(Data to use Opens)

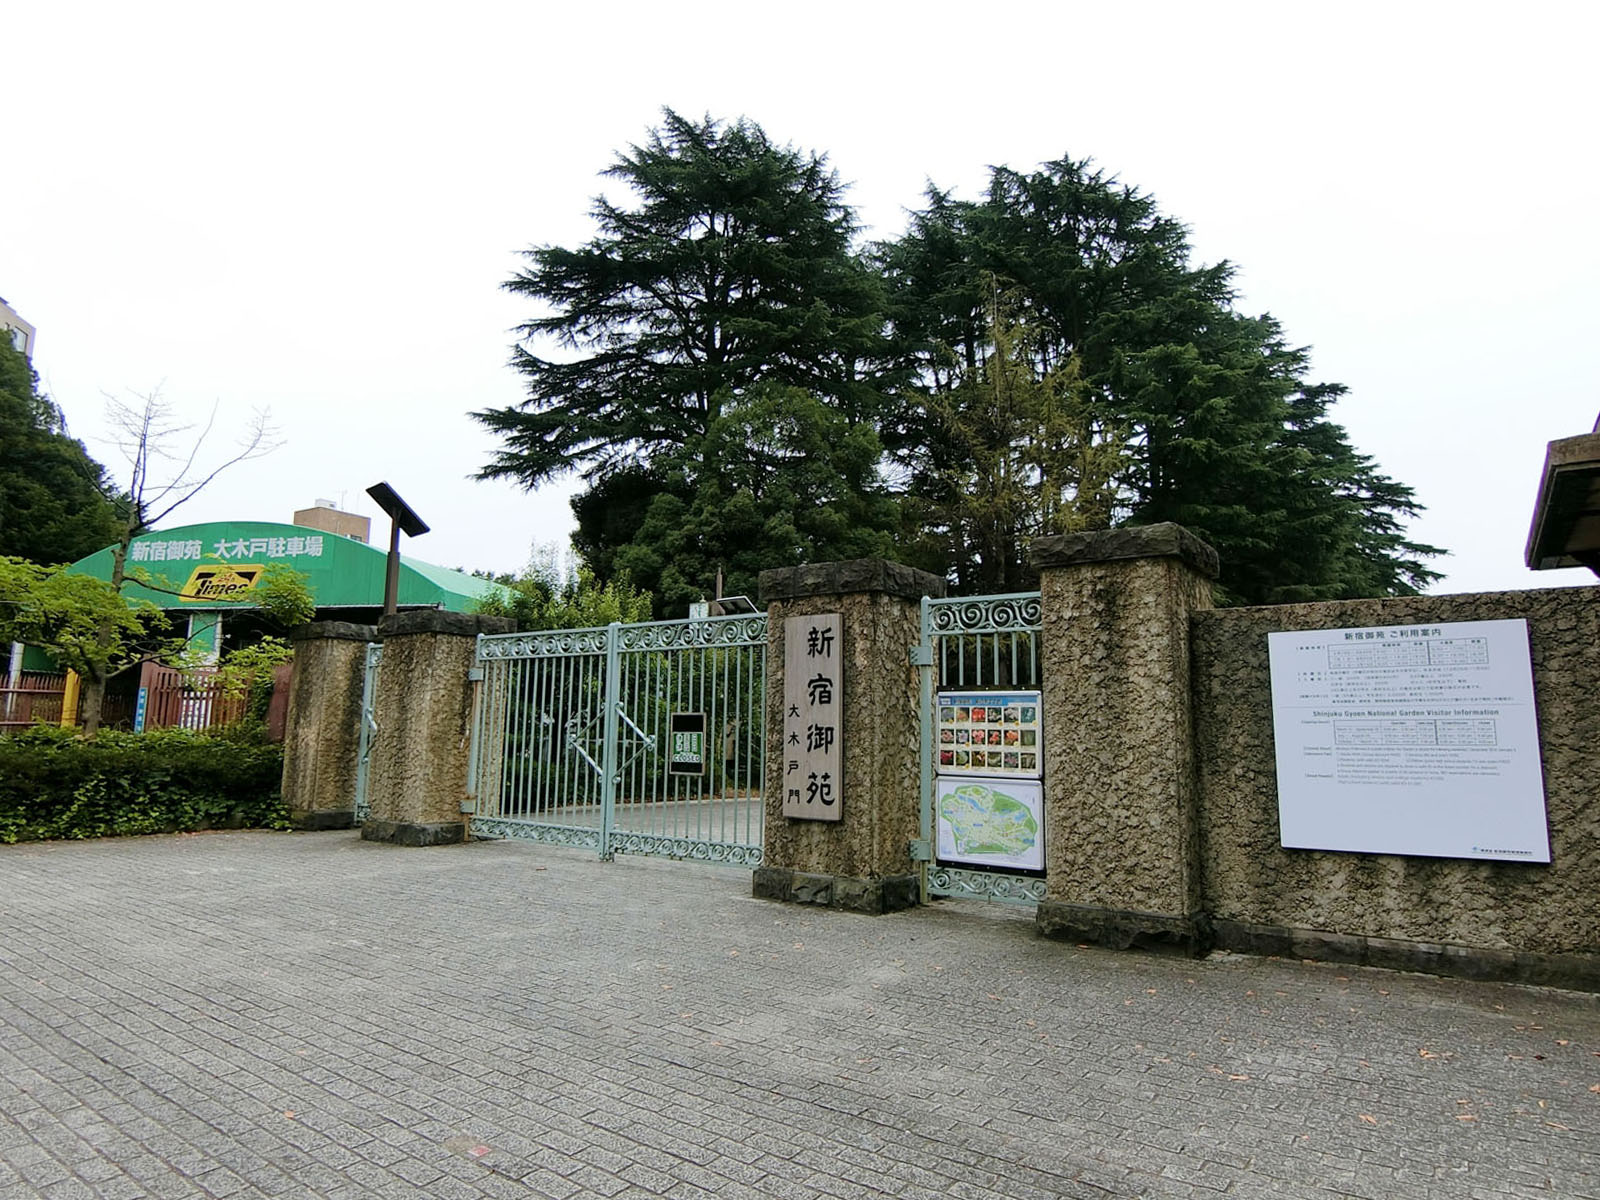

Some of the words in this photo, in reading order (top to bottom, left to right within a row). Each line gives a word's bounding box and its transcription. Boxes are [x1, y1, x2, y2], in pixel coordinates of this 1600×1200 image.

[132, 540, 202, 561] 新宿御苑
[213, 536, 323, 558] 大木戸駐車場
[194, 579, 249, 596] Times
[1344, 631, 1386, 640] 新宿御苑
[1389, 628, 1441, 639] ご利用案内
[807, 626, 835, 806] 新宿御苑
[1454, 708, 1499, 716] Information
[787, 704, 800, 804] 大木戸門
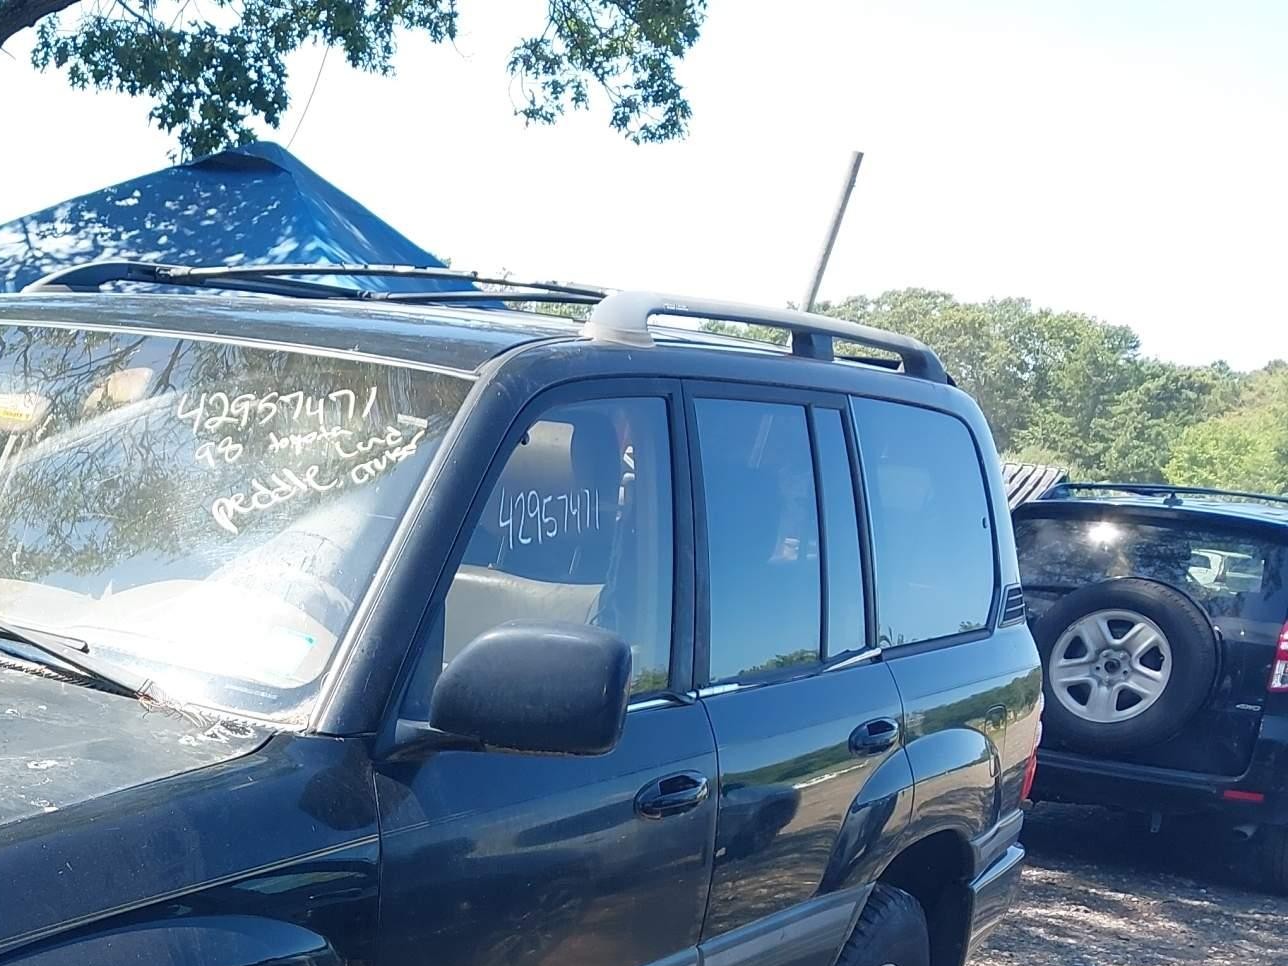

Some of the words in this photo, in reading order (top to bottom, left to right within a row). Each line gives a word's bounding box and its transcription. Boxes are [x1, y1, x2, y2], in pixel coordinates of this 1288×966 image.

[177, 386, 378, 434] 42957471
[195, 436, 244, 467] 98
[499, 487, 600, 549] 42957471
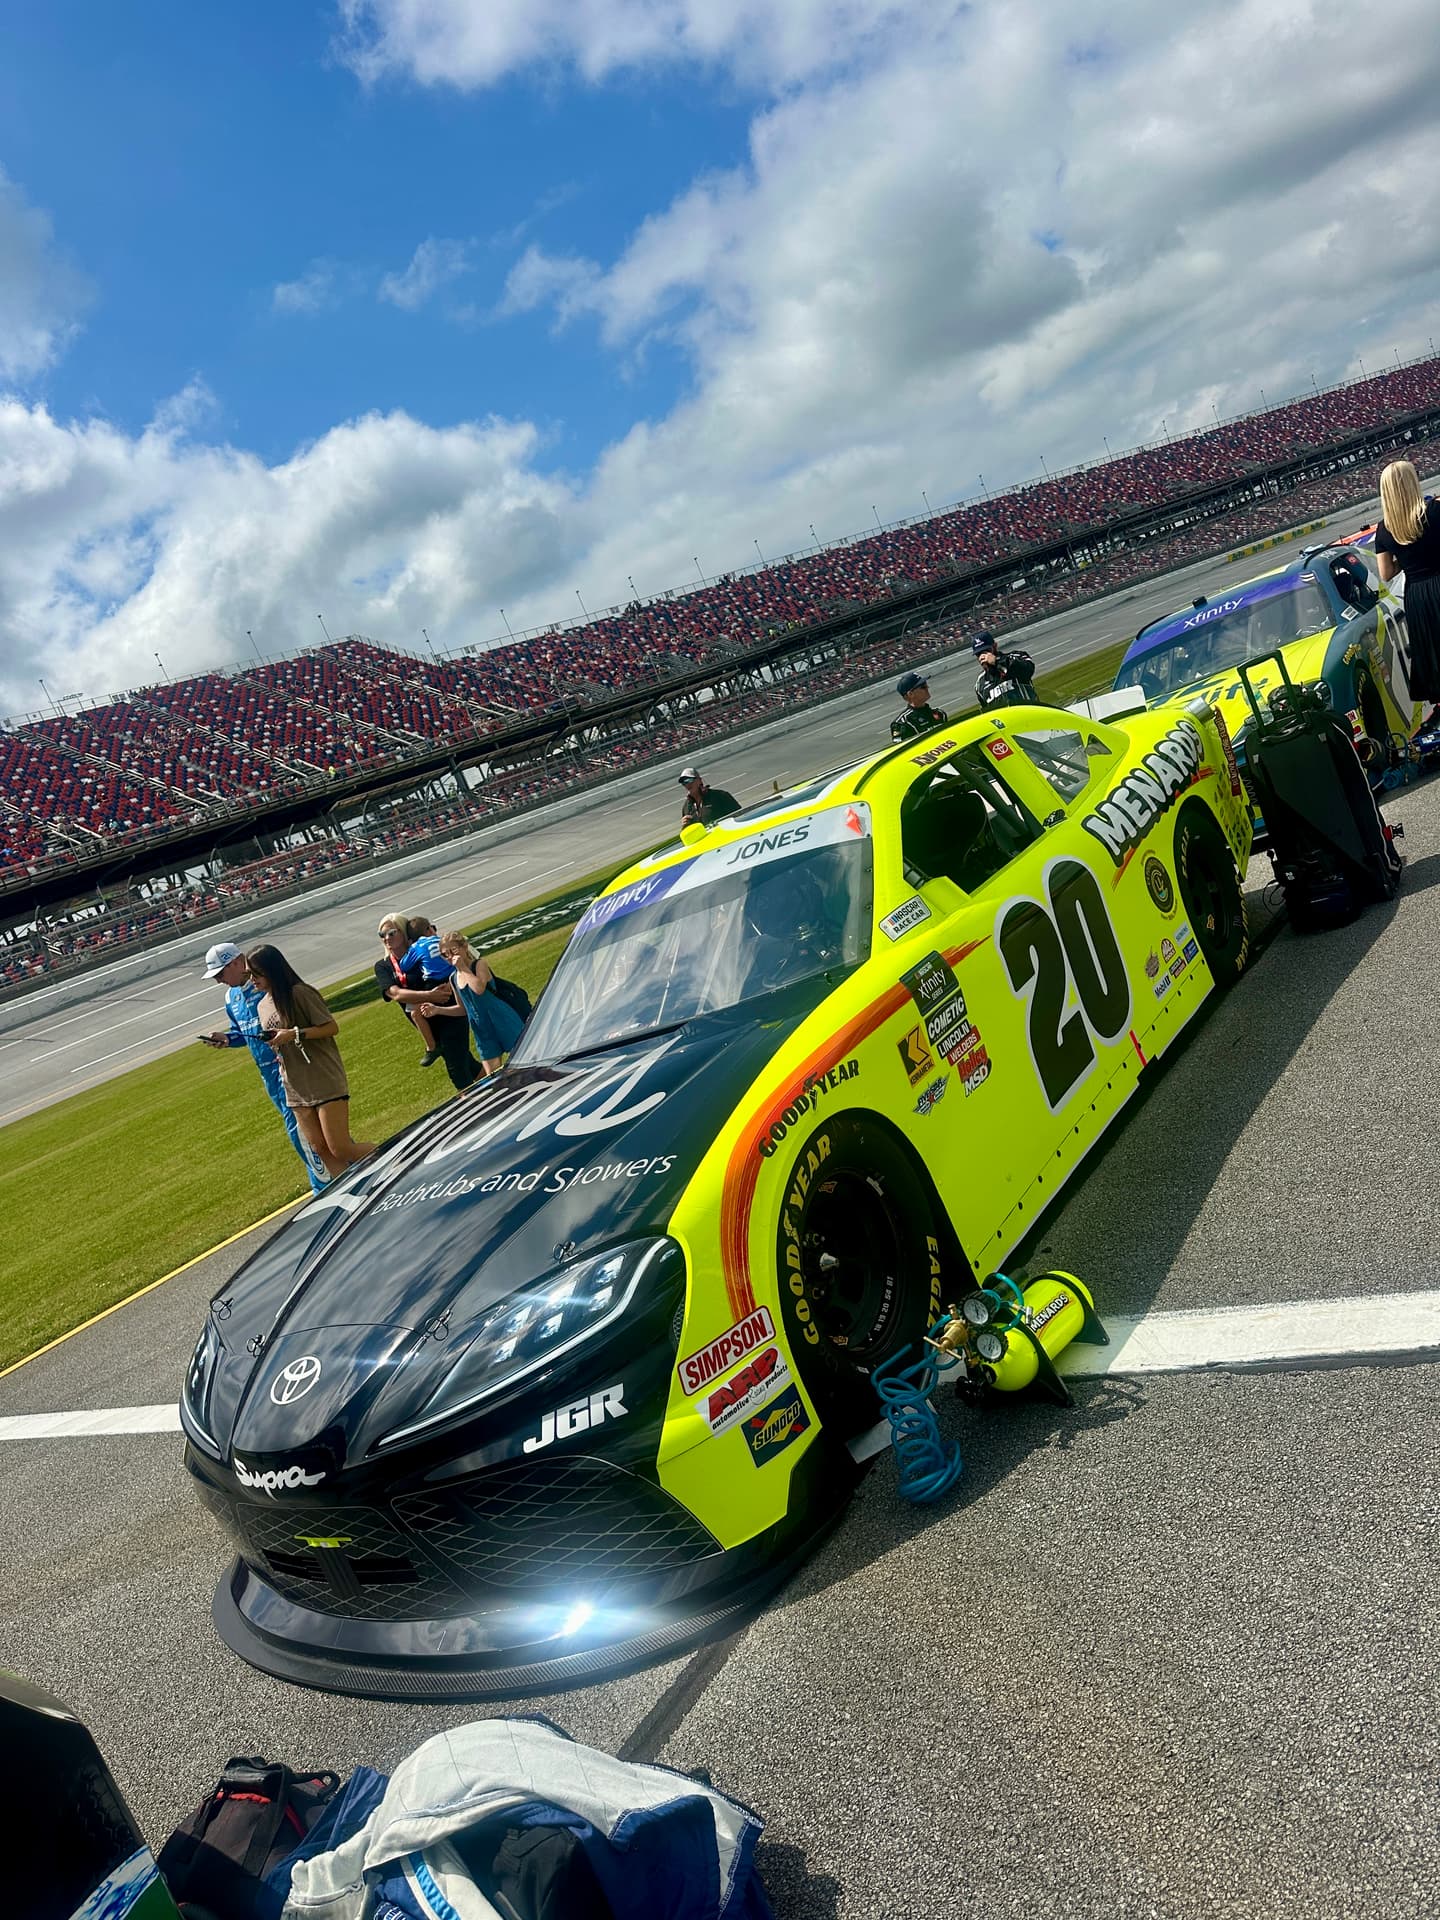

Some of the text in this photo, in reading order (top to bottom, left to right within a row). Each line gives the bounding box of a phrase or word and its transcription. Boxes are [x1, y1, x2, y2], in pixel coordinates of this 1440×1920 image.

[1183, 597, 1244, 629] xfinity
[1083, 722, 1203, 864] MENARDS
[727, 825, 810, 865] JONES
[586, 878, 662, 925] xfinity
[893, 909, 925, 934] RACE CAR
[894, 900, 920, 921] NASCAR
[918, 969, 946, 999] xfinity
[997, 858, 1131, 1112] 20
[928, 996, 964, 1039] COMETIC
[938, 1021, 970, 1057] LINCOLN
[950, 1033, 977, 1062] WELDERS
[964, 1064, 988, 1096] MSD
[758, 1059, 860, 1157] GOODYEAR
[371, 1175, 482, 1216] Bathtubs
[481, 1166, 549, 1192] and
[784, 1134, 831, 1345] GOODYEAR
[1031, 1293, 1069, 1333] MENARDS
[686, 1312, 767, 1389] SIMPSON
[708, 1347, 778, 1422] ARP
[712, 1394, 749, 1430] automotive
[766, 1364, 788, 1389] products
[522, 1383, 628, 1454] JGR
[755, 1404, 800, 1449] SUNOCO
[233, 1458, 326, 1495] Supra

(Data to use Closes)

**Task directions:** Reproduce each line of the records exactly, and omit every picture.

**Response box:**
Some of the words in this photo, in reading order (top to bottom, left to right within a row). Each line gives a word's bounding box and its transcription. Boxes are [x1, y1, x2, y2], in pixel coordinates of this 1600×1200 image.

[132, 540, 202, 561] 新宿御苑
[213, 536, 323, 558] 大木戸駐車場
[194, 579, 249, 596] Times
[1344, 631, 1386, 640] 新宿御苑
[1389, 628, 1441, 639] ご利用案内
[807, 626, 835, 806] 新宿御苑
[1454, 708, 1499, 716] Information
[787, 704, 800, 804] 大木戸門

Some of the words in this photo, in reading order (top to bottom, left to right within a row). Each line gives a word's bounding box and its transcription. Boxes are [x1, y1, x2, y2], in pixel coordinates of this 1288×966 image.

[177, 386, 378, 434] 42957471
[195, 436, 244, 467] 98
[499, 487, 600, 549] 42957471

Some of the text in this photo, in reading order (top to bottom, left to right within a row). Each line gives the bounding box of a phrase or word and its transcription. Boxes are [x1, y1, x2, y2], in pixel coordinates of this 1440×1920 image.

[1183, 597, 1244, 629] xfinity
[1083, 722, 1203, 864] MENARDS
[727, 825, 810, 865] JONES
[586, 878, 662, 925] xfinity
[893, 909, 925, 934] RACE CAR
[894, 900, 920, 921] NASCAR
[918, 969, 946, 999] xfinity
[997, 858, 1131, 1112] 20
[928, 996, 964, 1039] COMETIC
[938, 1021, 970, 1057] LINCOLN
[950, 1033, 977, 1062] WELDERS
[964, 1064, 988, 1096] MSD
[758, 1059, 860, 1157] GOODYEAR
[371, 1175, 482, 1216] Bathtubs
[481, 1166, 549, 1192] and
[784, 1134, 831, 1345] GOODYEAR
[1031, 1293, 1069, 1333] MENARDS
[686, 1312, 767, 1389] SIMPSON
[708, 1347, 778, 1422] ARP
[712, 1394, 749, 1430] automotive
[766, 1364, 788, 1389] products
[522, 1383, 628, 1454] JGR
[755, 1404, 800, 1449] SUNOCO
[233, 1458, 326, 1495] Supra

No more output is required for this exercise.